In this novel, Carl has been away and when he returns, he finds himself dealing with Occupational Health & Safety who want to inspect the basement that has become his office for asbestos and the fact that Rose, his secretary has gone awol and sent her even odder sister Yrsa in her place. Only the intrigue of a new case, a new puzzle, occupies him when he receives a smashed glass bottle that contained a note written in blood in Danish. Carl first has to determine if the note is serious or a prank and then set about attempting to solve it.

In reviewing these books, I have to talk about the relationship between Carl and Assad again because it is brilliant. Author Jussi Adler-Olsen has long given the hint that Assad is more than he seems and although Carl has fleeting thoughts, he often overlooks Assad’s investigative skills and his ability to get himself out of trouble and hold his own in a fight or interrogation. In this novel, Carl finally begins to attempt to sort out just what Assad might be hiding – he realises that Assad doesn’t live where he claims (and perhaps hasn’t ever lived there) and all attempts to find Assad’s correct address fail.
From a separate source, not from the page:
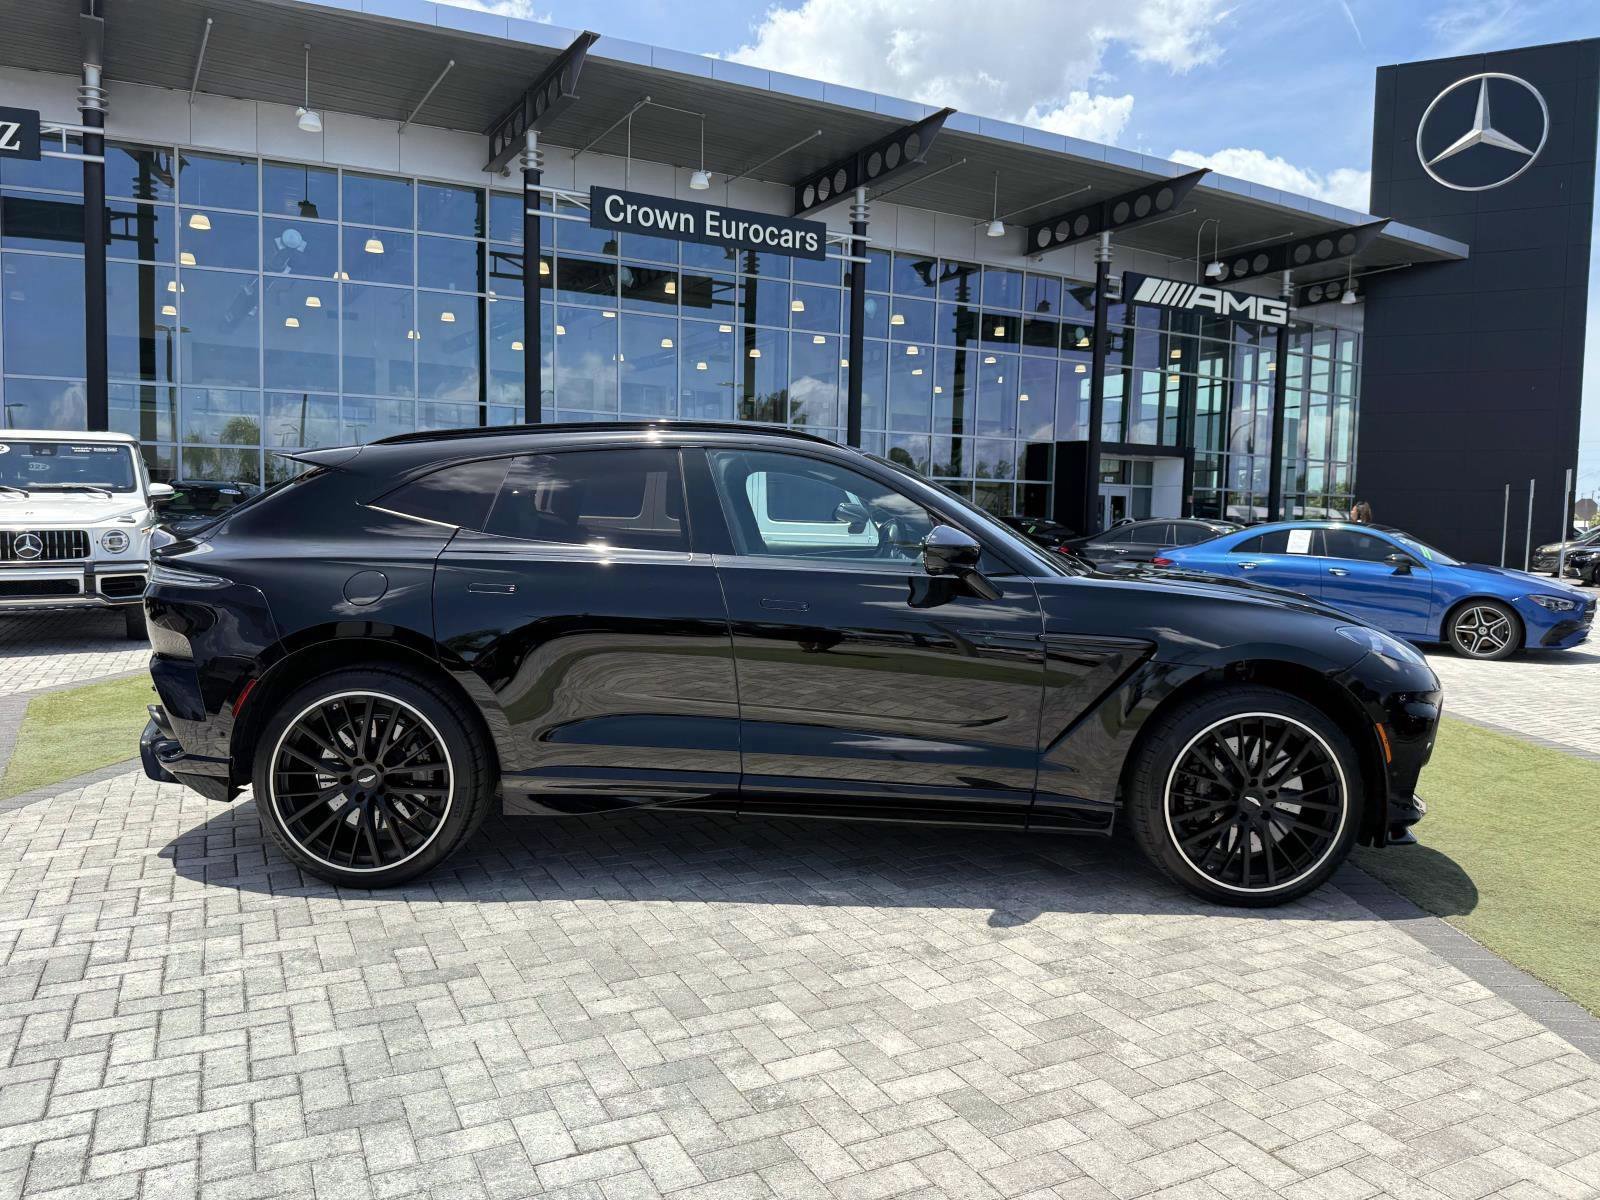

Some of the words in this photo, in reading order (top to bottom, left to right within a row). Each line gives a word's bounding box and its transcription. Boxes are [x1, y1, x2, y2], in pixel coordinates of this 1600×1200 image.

[604, 194, 695, 233] Crown
[705, 210, 818, 251] Eurocars
[1185, 286, 1287, 325] AMG
I absolutely love Assad. His amusing grasp on the foreign language, his hidden talents, the way in which he both irks and also endears himself to Carl is all so well done. I want to know more about him – always.

The mystery in this one is good. Seriously good. We are treated to lots of different points of view in order to build up the whole picture while Carl does the hard yards attempting to work it out. We gain an insight into the kidnapper’s motives, methods and victims, including how he keeps them quiet, even years later. We meet his wife and understand his home life and even see his childhood. It all pulls together to craft a chilling crime and I found myself so invested in the fates of some characters while I waited for the police to put together everything I already knew. It’s definitely a page turner and doesn’t feel like a 650+ page book at all!

We also get a bit more about Carl’s private life in this book: he has moved his friend and former colleague Hardy Henningsen in with him from the hospital. Hardy was paralysed in the same shooting that Carl was in and Carl deals with the guilt that he wasn’t as seriously injured (or killed) most days. He clearly wants to help his friend, because his friend has told him in no uncertain terms that he will die if he has to stay in hospital. However at the same time it’s a big responsibility and upheaval for him and those who live with him, including his stepson Jesper. Add in to the mix the fact that Carl’s ex-wife wants to return to his home and perhaps make another go of things (as she’s currently without a man) and his troubled sort-of romance with Mona, a department psychologist, there’s quite a lot going on in Carl’s life outside of work, to stress him out. What I like is that Carl isn’t obviously a mess on the outside – but dig a bit deeper and you find the scars and the uncertainty and the problems.

This installment has definitely maintained the standard and skill of the previous two and I’m super grateful that as of this time, there are two more to be translated into English (with hopefully more to come!)


Book #247 of 2013

**Please note that in some English markets this book may go by the title A Conspiracy of Faith.


One response to “Redemption – Jussi Adler-Olsen

  1. The Word Jar says:

    Thanks for the great review! I reviewed Keeper of Lost Causes (Mercy) last year, and I loved it. I had forgotten to see when the next books were released. I’ll have to pick them up!

    My favorite part of the whole book was the relationship between Carl and Assad. Assad is still one of my favorite characters. Glad to see you enjoyed him as well.